Sastra Untuk Silaturrahmi Antar Bangsa, Persaudaraan, dan Perdamaian ! Happy Reading !

Cerpen Faiz Adittian Ahyar

0

 



KOPIAH KIAI DULLAH


“Sialan”

“Kutu Busuk memang!!!”

Jebul mengoleskan obat gatal di sekitar selangkangannya yang bernanah. Kulitnya kemerah-merahan dan ujung kukunya sampai menghitam. Sebagian daki di sekitar selangkangannya yang lembab, masuk pada sela-sela kuku. Jebul ingat betul perkataan Mantri Sukemi yang tadi malam memberinya obat. Dari beberapa pertanyaan yang muncul dalam dirinya, Jebul ingat petuah Mantri Sukemi untuk segera mengakhiri kisahnya dengan para perempuan. Sudah puluhan tablet peredam rasa nyeri masuk ke dalam perutnya. Tak ketinggalan salep dan segala macam anti-septik telah melumuri kulit selangkangannya yang lembab.

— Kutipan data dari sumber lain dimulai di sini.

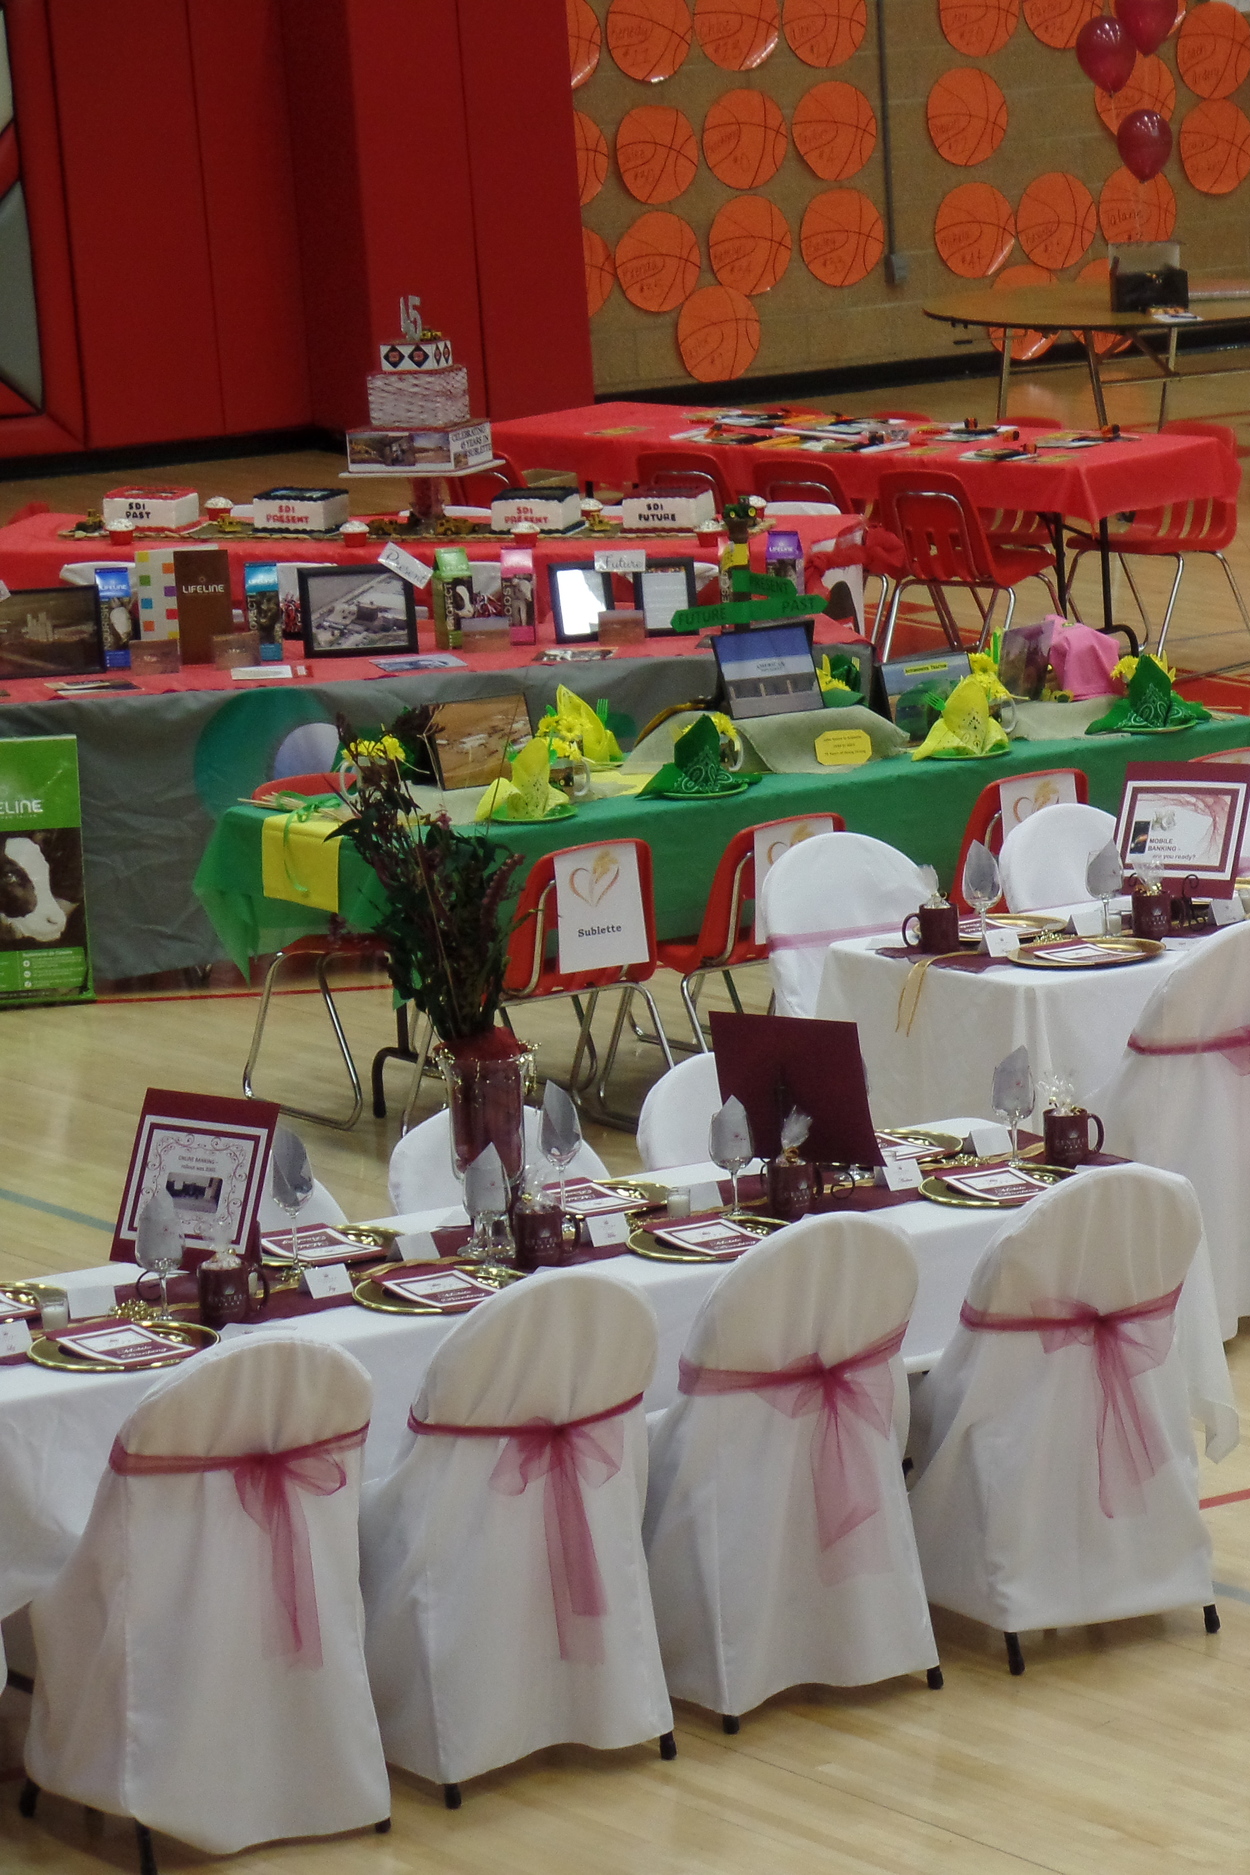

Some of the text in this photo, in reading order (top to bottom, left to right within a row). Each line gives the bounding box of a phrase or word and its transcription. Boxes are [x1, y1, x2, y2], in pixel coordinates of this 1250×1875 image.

Beberapa makanan yang disajikan, sama sekali tidak menarik baginya. Sejak kemarin perutnya kosong, tak ada yang bisa membangkitkan nafsu makannya. Sebab itulah tubuhnya hanya mampu berbaring di kasur tipis. Matanya memerah seperti orang mabuk, pandangannya kabur, badannya demam, dan tenggorokan serasa ada yang mengganjal. Semalaman Jebul tak henti-hentinya mengurus selangkangannya yang tak beres. Sebab beberapa hari kemarin, ia meniduri Darsih. Jebul sama sekali tak menyangka bahwa Darsih telah terinfeksi bakteri Treponema Paliidum. Wanita tua yang ia temui di depan gedung bioskop saat dini hari itu, begitu mudah ia rayu. Usianya sekitar empat puluh tahunan. Sebagian rambutnya sudah beruban dan cerah wajahnya telah pudar. Parasnya sudah tidak terlihat cantik lagi. Namun kebiasaan Jebul meniduri wanita, membuat ia tergoda kepadanya dan tanpa basa-basi Jebul langsung mengajaknya tidur. Tentunya dengan bayaran yang murah. Selang tiga hari, muncullah kekacauan yang membuat ia mengurung diri. Terlebih lagi Mantri Sukemi yang sangat acuh kepadanya. Suatu ketika Jebul memeriksakan kegatelan yang membuatnya naik pitam.

            Pintu diketuk. Sore itu Mantri Sukemi libur praktek di rumah kediamannya yang berada di ujung desa. Jebul duduk di kursi panjang berwarna putih. Kembali ia ketuk pintu. Tak didapati Mantri Sukemi yang sore itu tengah pergi ke kota. Pakaiannya lusuh, dibalut jaket hitam tebal bertuliskan merk sepeda motor.  Celana yang ia kenakan penuh dengan sobekan dan kelihatan kumal.

Tak lama kemudian Dalijo datang. Ia sehari-hari berjaga dan mengurus halaman rumah Mantri Sukemi yang teduh, penuh pohon dan bunga-bunga. Setengah badan Jebul tak bisa digerakkan. Sedikit gerakan, membuat luka yang bernanah dan menempel pada celana panjangnya, akan menarik kulit yang kemerah-merahan.

            “Kenapa tiduran di sini? Pergi sana!!!”

            “Anjing Buntung! Mana Mantri Sukemi? Aku mau berobat!”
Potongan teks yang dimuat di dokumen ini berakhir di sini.